----- Available data -----
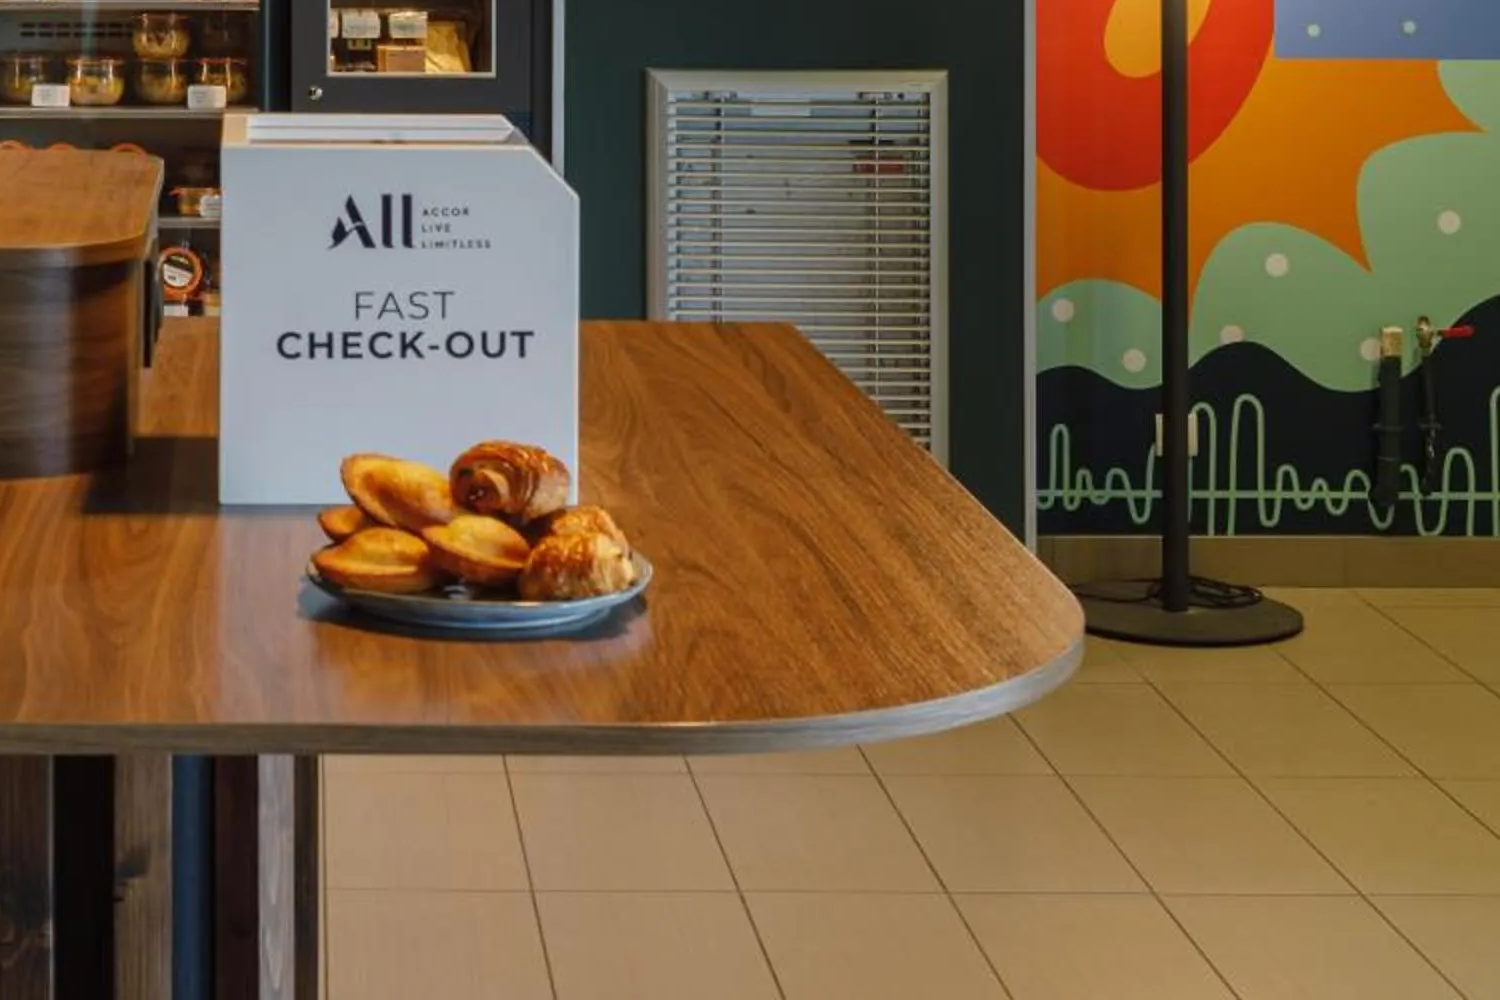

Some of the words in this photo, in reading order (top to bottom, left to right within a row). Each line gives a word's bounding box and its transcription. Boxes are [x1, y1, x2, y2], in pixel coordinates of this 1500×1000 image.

[421, 206, 470, 217] ACCOR
[421, 223, 451, 233] LIVE
[421, 239, 491, 249] LIMITLESS
[354, 291, 456, 320] FAST
[276, 331, 535, 360] CHECK-OUT
-----
## What is being asked
Give back the material above exactly as it appears, minus any picture.

## Task output
Some of the words in this photo, in reading order (top to bottom, left to right within a row). Each line gives a word's bounding box and its transcription. Boxes are [x1, y1, x2, y2], in pixel coordinates of this 1500×1000 image.

[421, 206, 470, 217] ACCOR
[421, 223, 451, 233] LIVE
[421, 239, 491, 249] LIMITLESS
[354, 291, 456, 320] FAST
[276, 331, 535, 360] CHECK-OUT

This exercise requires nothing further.